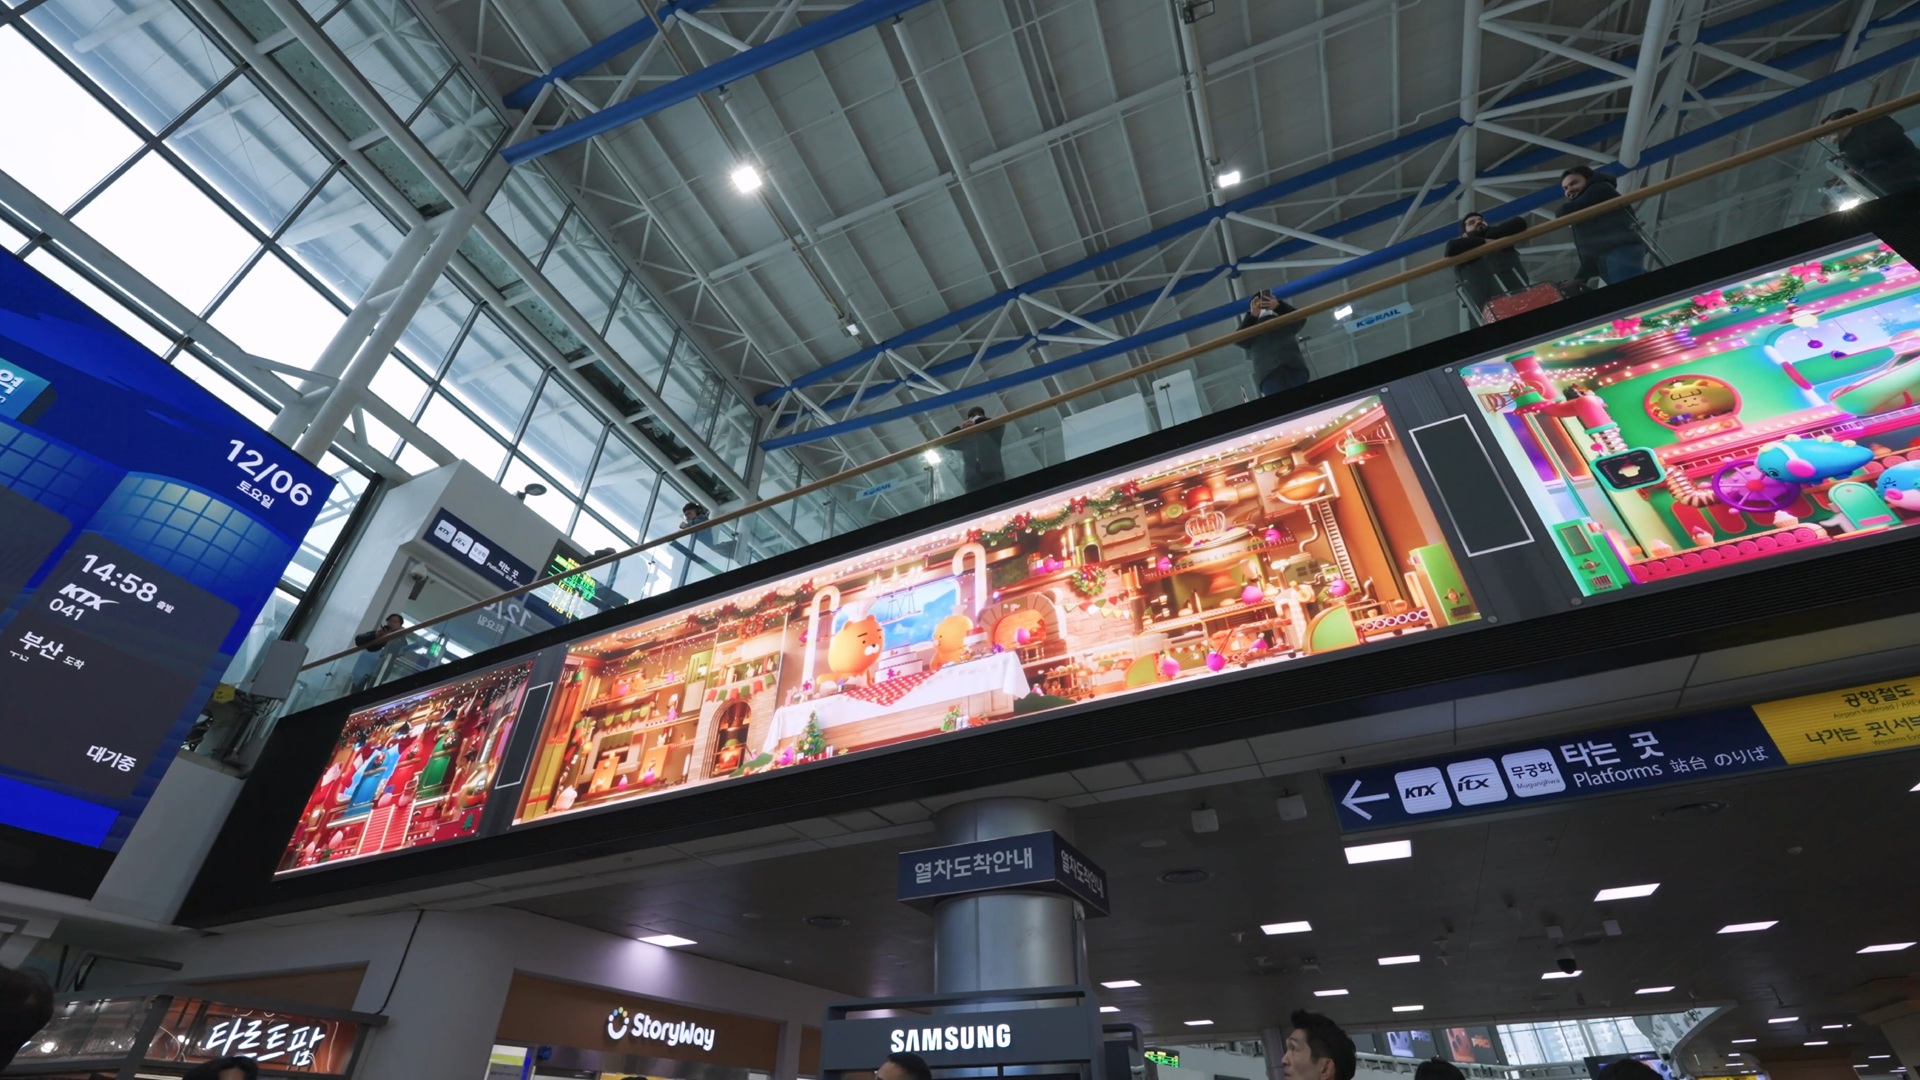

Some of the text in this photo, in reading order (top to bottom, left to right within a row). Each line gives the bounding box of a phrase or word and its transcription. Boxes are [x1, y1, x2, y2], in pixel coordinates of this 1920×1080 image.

[1356, 309, 1402, 328] KORAIL
[227, 439, 313, 506] 12/06
[236, 480, 275, 509] 토요일
[82, 554, 158, 602] 14:58
[49, 598, 85, 621] 041
[58, 582, 120, 611] KTX
[19, 631, 64, 660] 부산
[62, 655, 85, 670] 도착
[1841, 684, 1915, 708] 공항철도
[1833, 709, 1861, 719] Airport
[1861, 703, 1895, 714] Railroad
[1560, 731, 1664, 767] 타는 곳
[1805, 727, 1862, 745] 나가는
[86, 745, 137, 772] 대기중
[1511, 761, 1554, 779] 무궁화
[1573, 746, 1769, 788] Platforms 站台 のりば
[1405, 781, 1440, 799] KTX
[1516, 778, 1561, 791] Mugunghwa
[915, 847, 1033, 884] 열차도착안내
[891, 1024, 1011, 1053] SAMSUNG
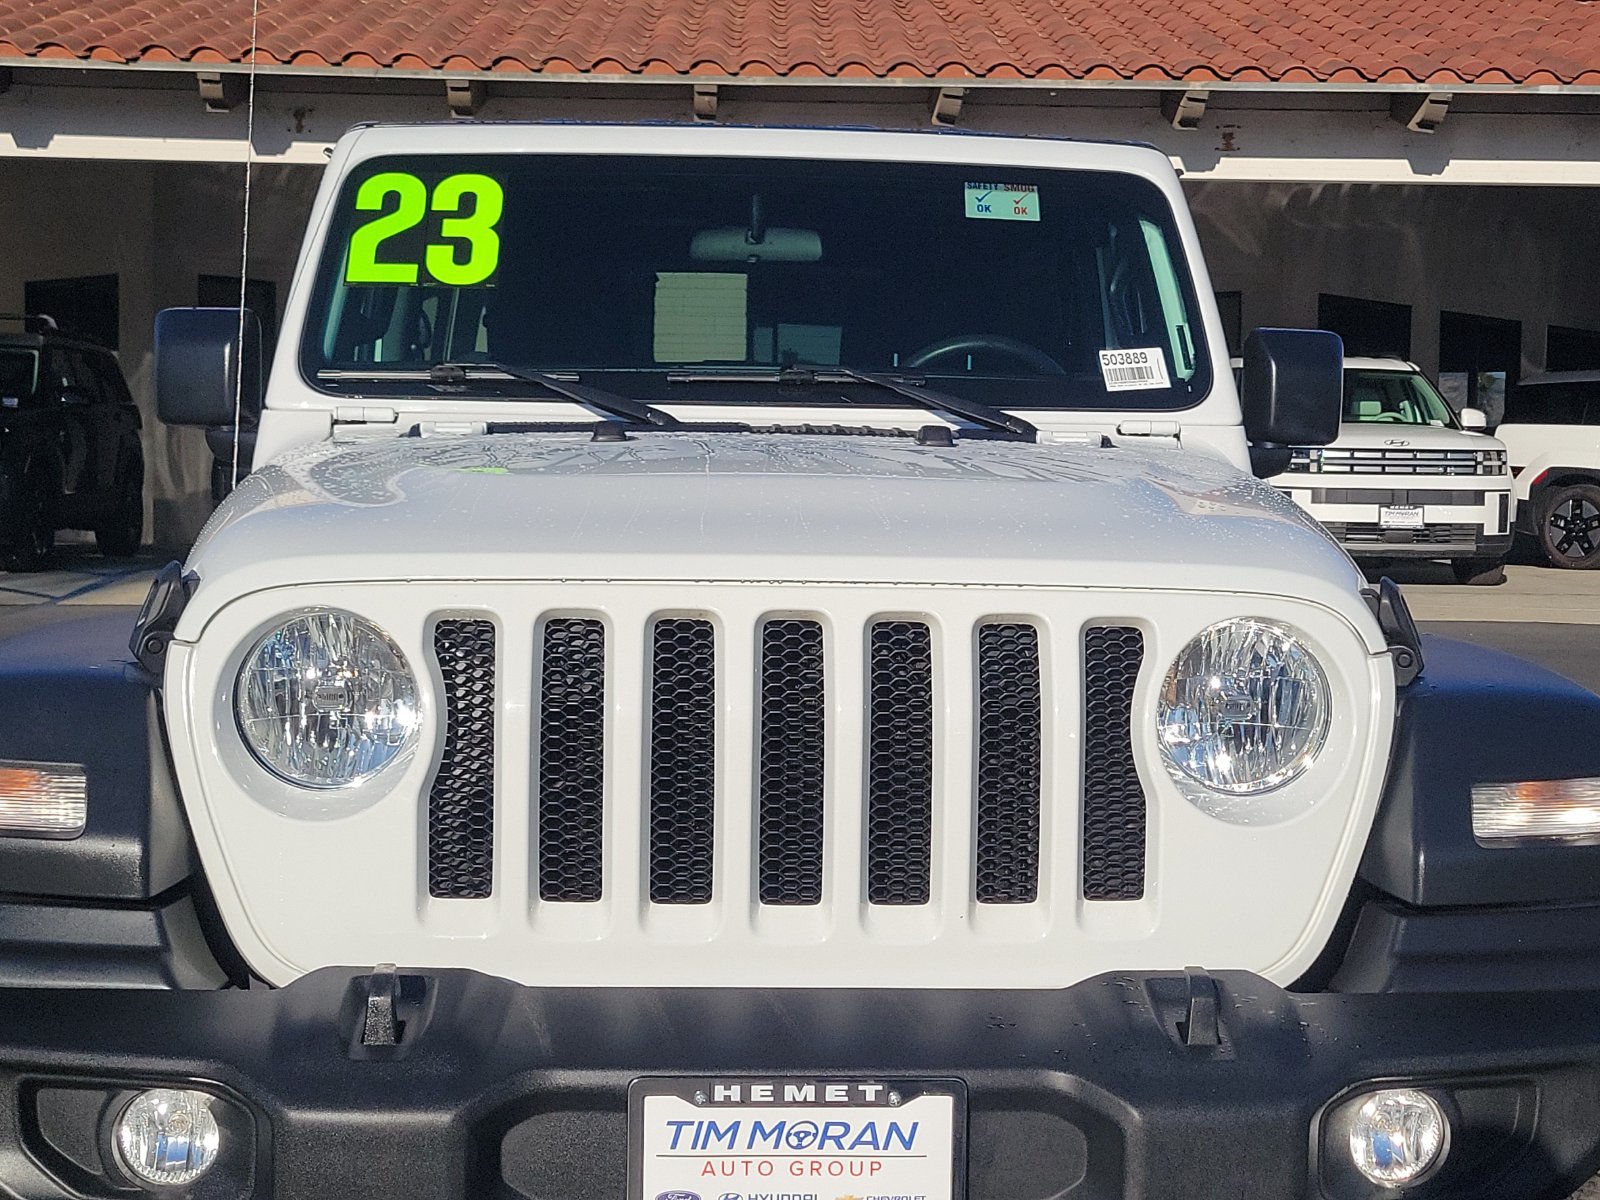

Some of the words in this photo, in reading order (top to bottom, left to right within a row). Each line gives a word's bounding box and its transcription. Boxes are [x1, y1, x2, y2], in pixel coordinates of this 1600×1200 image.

_Required action_
Pictures are to be left out; all else in the entries above is to be quoted exactly.

_Result_
Some of the text in this photo, in reading order (top to bottom, left to right within a row). Each line gives the bounding box of a phrase or word and its transcription. Boxes are [x1, y1, x2, y2], in pixel coordinates of this 1920×1080 image.

[1356, 309, 1402, 328] KORAIL
[227, 439, 313, 506] 12/06
[236, 480, 275, 509] 토요일
[82, 554, 158, 602] 14:58
[49, 598, 85, 621] 041
[58, 582, 120, 611] KTX
[19, 631, 64, 660] 부산
[62, 655, 85, 670] 도착
[1841, 684, 1915, 708] 공항철도
[1833, 709, 1861, 719] Airport
[1861, 703, 1895, 714] Railroad
[1560, 731, 1664, 767] 타는 곳
[1805, 727, 1862, 745] 나가는
[86, 745, 137, 772] 대기중
[1511, 761, 1554, 779] 무궁화
[1573, 746, 1769, 788] Platforms 站台 のりば
[1405, 781, 1440, 799] KTX
[1516, 778, 1561, 791] Mugunghwa
[915, 847, 1033, 884] 열차도착안내
[891, 1024, 1011, 1053] SAMSUNG

Some of the words in this photo, in reading order (top to bottom, left to right within a row). Each line gives a word's bounding box and its transcription. Boxes are [x1, y1, x2, y2], in pixel coordinates of this 1600×1200 image.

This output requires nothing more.